Activity: Please transcribe every record below exactly, leaving out the pictures.

Extracted material:
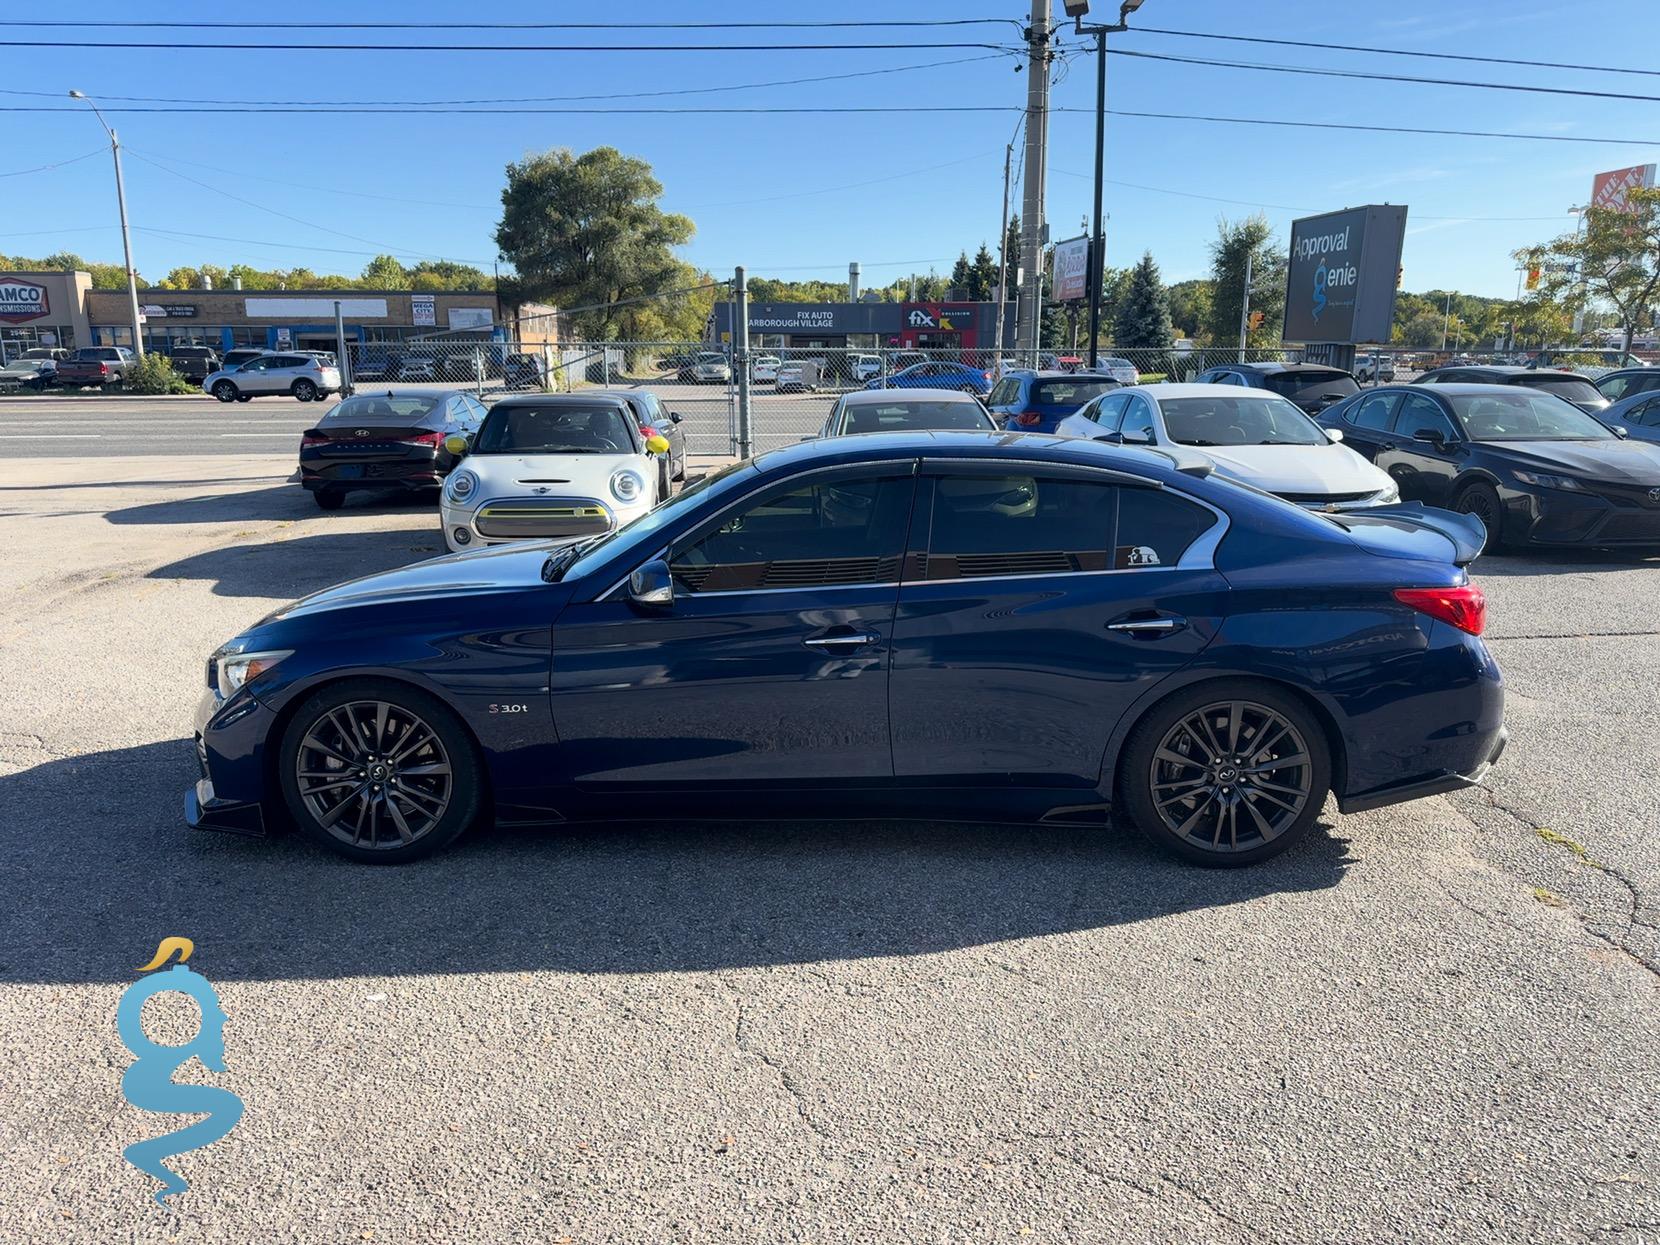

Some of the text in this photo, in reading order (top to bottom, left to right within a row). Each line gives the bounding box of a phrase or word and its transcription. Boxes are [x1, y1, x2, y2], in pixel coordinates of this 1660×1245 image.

[1292, 225, 1350, 262] Approval
[797, 311, 833, 319] FIX AUTO
[908, 310, 936, 327] fix
[748, 319, 833, 327] ARBOROUGH VILLAGE
[488, 703, 499, 714] S

Exercise solution:
Some of the text in this photo, in reading order (top to bottom, left to right within a row). Each line gives the bounding box of a phrase or word and its transcription. Boxes are [x1, y1, x2, y2], in pixel coordinates of this 1660×1245 image.

[1292, 225, 1350, 262] Approval
[797, 311, 833, 319] FIX AUTO
[908, 310, 936, 327] fix
[748, 319, 833, 327] ARBOROUGH VILLAGE
[488, 703, 499, 714] S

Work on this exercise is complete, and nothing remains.